Front: Richard Armitage and Natalie Gavin in 'The Crucible'
Front: Richard Armitage and Natalie Gavin in 'The Crucible' © Donald Cooper/photostage

In a production of stunning intensity it’s the quiet moments that get you most. Into the middle of a raging argument in the Proctors’ kitchen come two silent, shell-shocked old men: their wives have been charged with witchcraft. We’ve met one of them earlier in the play – Rebecca Nurse, a kindly old woman of consummate wisdom; we, like the characters, realise this is the point of no return. It’s a moment of sickening terror, handled beautifully by the cast in Yaël Farber’s magnificent staging.

Arthur Miller’s haunting masterpiece about the Salem witch hunts is sadly never out of date. Written in response to the McCarthyite hysteria in 1950s America, it serves as a timeless warning about the power of paranoia. Farber, wisely, leaves it in its context: a hardworking, God-fearing, rural 17th-century community (only the accents shift, to northern England). Staged, simply, in the round, the play fuses the particular with the parable. Clothes are durable and monochrome; furniture is simple and sparse; interiors are intimate and domestic. There is, significantly, nothing special about this place. A teenage girl fakes a faint to avoid awkward questions about dancing in the woods; her father, a preacher given to hellfire sermons, mentions witchcraft; her friend, sharp, scheming Abigail (played with sullen spite by Samantha Colley), spots an opportunity to play with fire – and we’re off. Soon neighbour is trading neighbour as witch: it’s sell, or be sold.

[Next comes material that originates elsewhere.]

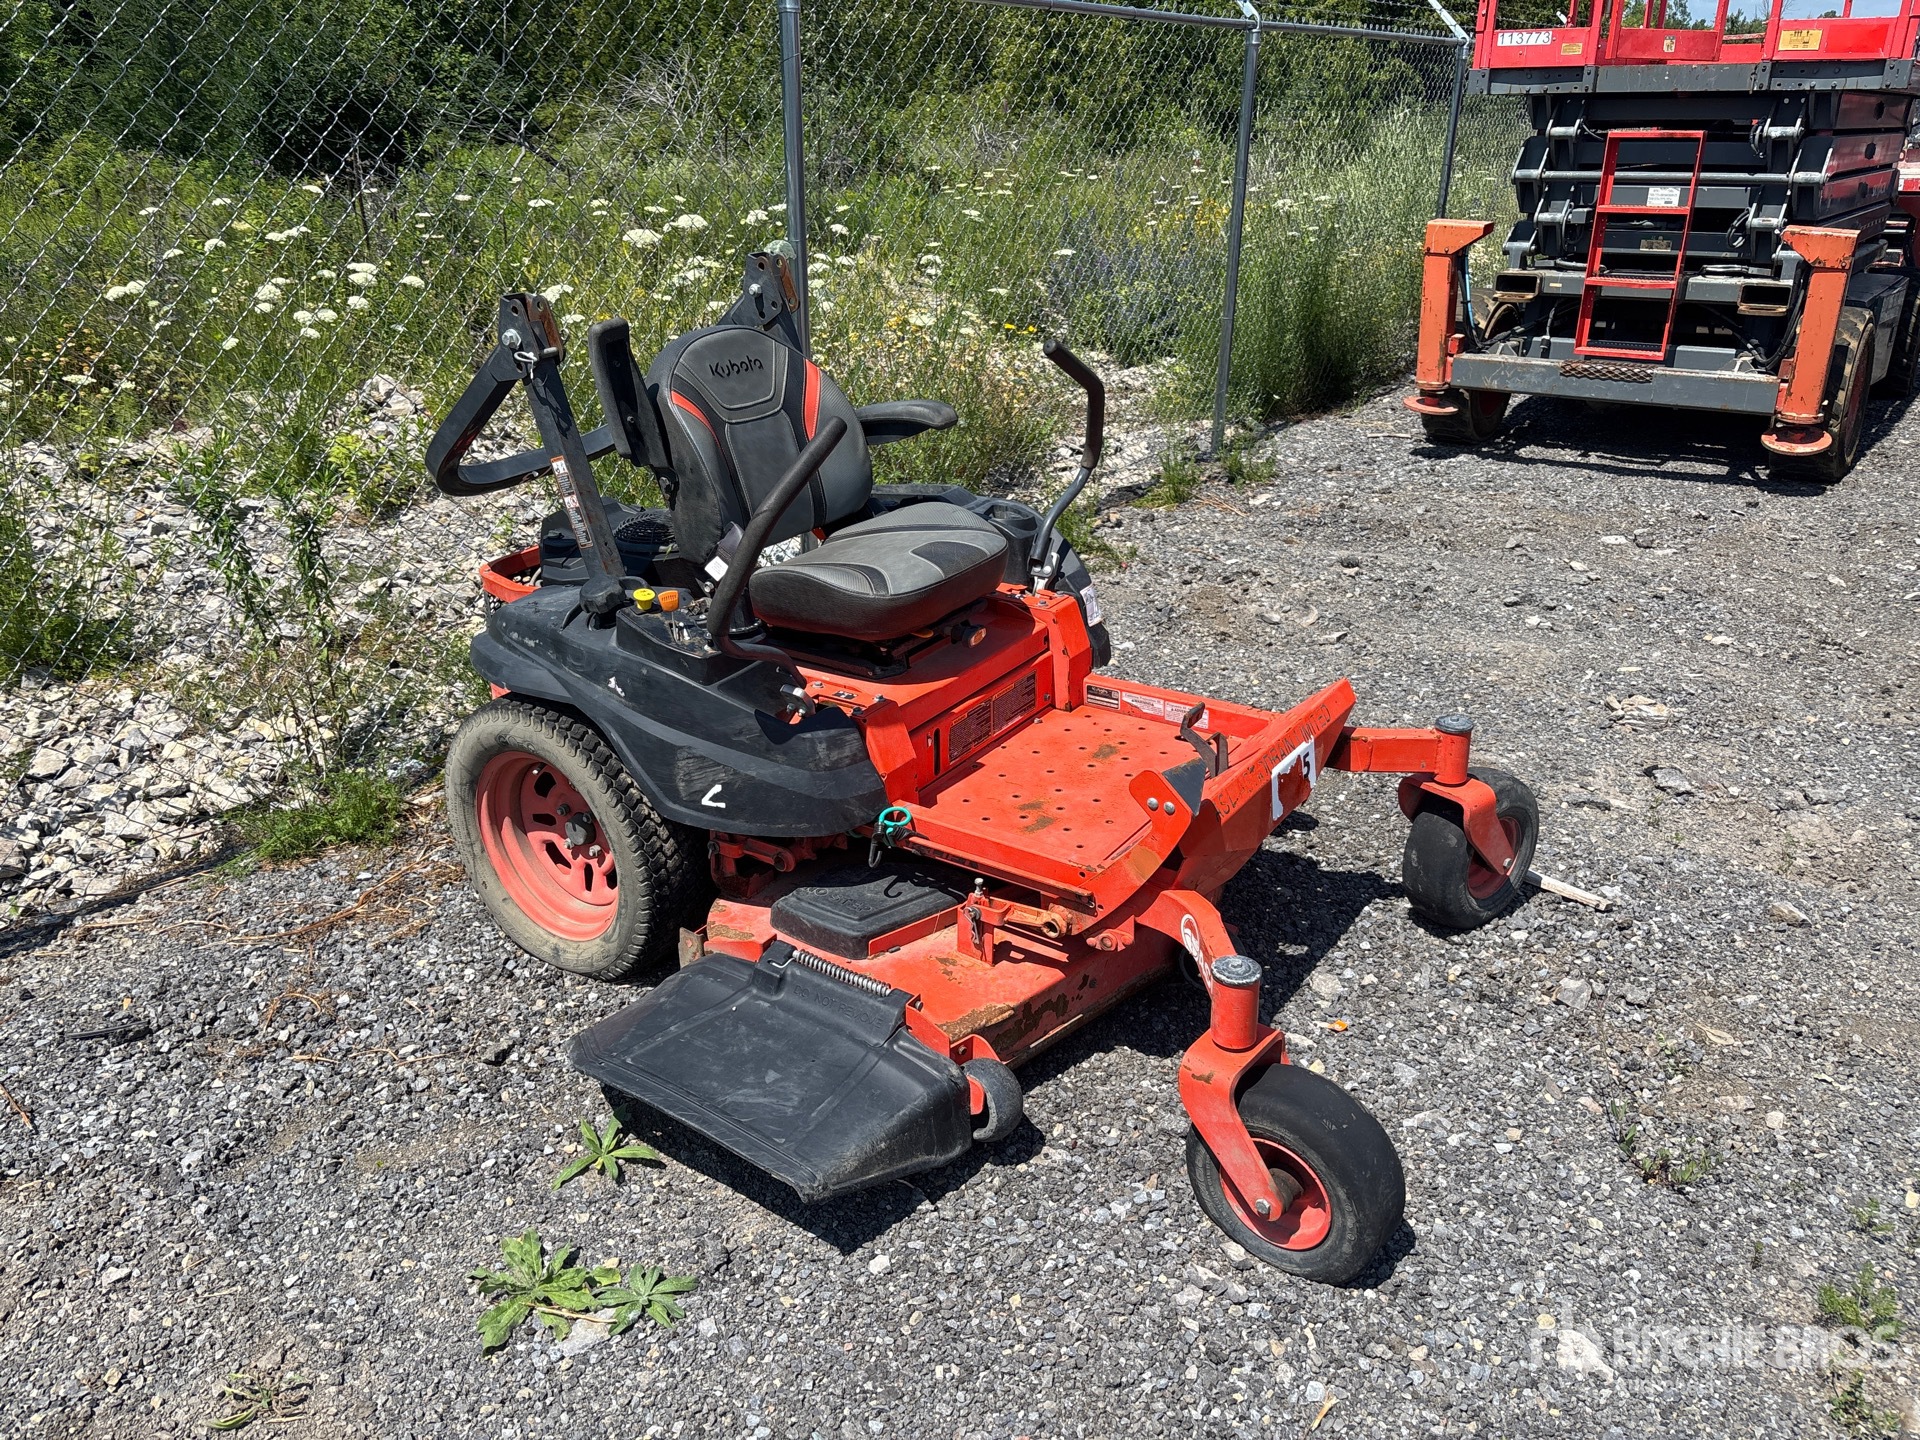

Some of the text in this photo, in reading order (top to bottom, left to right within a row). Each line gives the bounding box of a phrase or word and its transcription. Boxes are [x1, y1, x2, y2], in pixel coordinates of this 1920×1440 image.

Miller’s genius is to show the way personal grief, guilt or greed feed into hysteria. His agent on stage is John Proctor, a decent man, who, riven with guilt over his brief affair with Abigail, knows her well enough to spot her intentions. Richard Armitage’s Proctor is a gruff, bearlike individual, tormented by his slip from grace and movingly matched by Anna Madeley as his wife, frozen in hurt. Their personal journey towards mutual forgiveness pulls against the gathering darkness elsewhere and proves very moving here.

In a fine ensemble, there are some superb performances: Adrian Schiller as the minister who gradually realises the horror he has unleashed; Jack Ellis as the fanatical judge who would rather hang more innocent people than admit a mistake; Ann Firbank as the quietly sane Rebecca Nurse.

There are flaws that hold the staging back. Farber gilds the lily, adding unnecessary wordless passages and hitting overdrive in places: sometimes quiet threats are more potent than roaring. But she and her cast release the harrowing power of this brilliant play.